Sunday, July 19, 2009

Who needs tube socks when you can have tube mail?

My good friend, Linda, called me this AM to talk a little about this and a little about that. Somewhere in our discourse, she happened to mention how much she liked my blog on my childhood invention, The Travel Genie. Little did Linda know she opened a Pandora’s box, as I began to delve among the workings of my personal inner space. And it reminded me that I was, indeed, a child of highly imaginative capabilities. Because, you see, TG wasn’t my only technology teaser.


No, indeedy. At the age of seven, I pondered the national capability of tube mail. So, as they would say today on Battlestar Galactica, what in the frac is tube mail?

When I was seven, we lived in Tulsa, OK. I lived just across the street from my elementary school, so the to-and-fro was an easy feat to accomplish. And because I could take a diagonal scoot home for lunch, I got to observe first hand the wonders of an institution which continues to devolve into bureaucratic inefficiency. I got to watch mail carriers work through rain and sleet and snow along their appointed rounds.

Now keep in mind: during the day, mail carriers – all of whom were men – walked the neighborhood beat, so to speak. They wore their steely gray uniforms, which were kinda kinky during the summer because they also wore knee socks. And their assemblage wasn’t complete without a steely gray pith helmet. Those of you old enough to remember will recall they pushed a cart of sorts, which had a long handle in the front, or they carried their missives in a large leather pouch (naugahide hadn’t been invented yet). All of this made them look like they were on safari looking for some unknown prey.

Mail carriers during that day were gods of a sort. For a few pennies for first class mail, they brought you news, good or bad. They brought you colorful stamps from your penpals from around the world. And occasionally, they gave you an ever-so-subtle tip of the pith helmet to acknowledge your existence.

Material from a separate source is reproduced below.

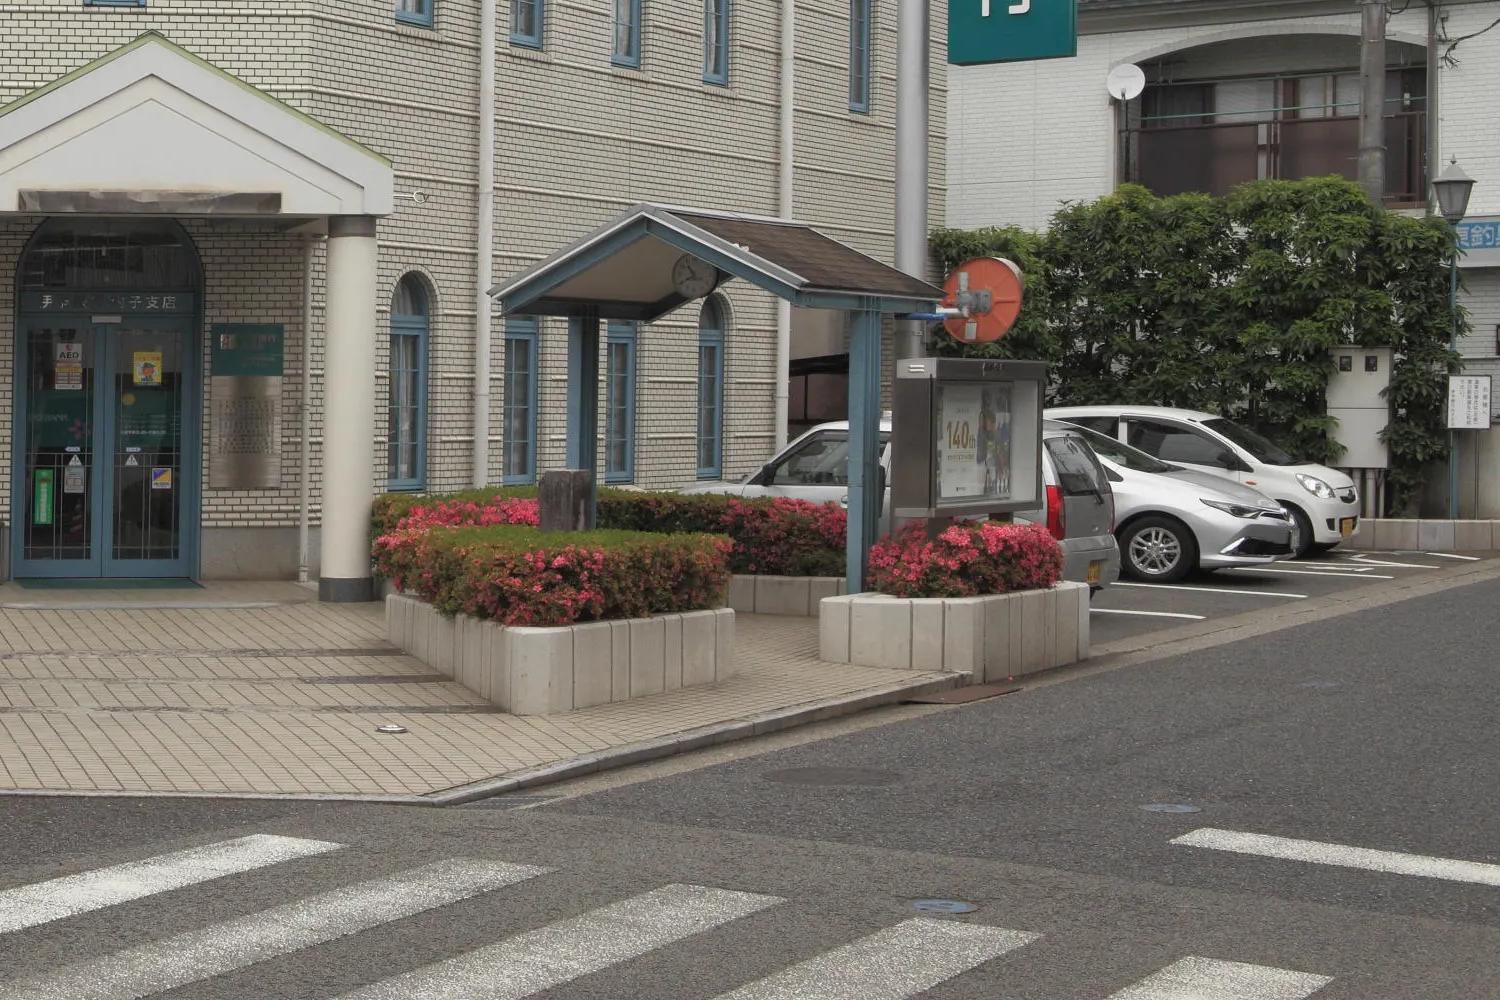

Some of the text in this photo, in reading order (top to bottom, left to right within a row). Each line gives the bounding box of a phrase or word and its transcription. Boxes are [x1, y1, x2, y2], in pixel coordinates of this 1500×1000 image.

OK, so that is my lead-in.

When I was seven, I saw my first-ever department store, Brown-Dunkin, in Tulsa. I don’t remember how many actual stories the store had, but it was a wonder to behold. It had an escalator, again the first-ever I’d seen and ridden. In fact, I can remember riding that thing between two floors incessantly one day, probably to the chagrin of the store manager. It was also the first-ever department store I had seen that had an x-ray machine in the shoe department. You could try on a new pair of shoes, stick your footsies inside the machine and see how your bones lined up inside the new shoes. We won’t talk about the fact that those machines were later pulled as a radiation hazard.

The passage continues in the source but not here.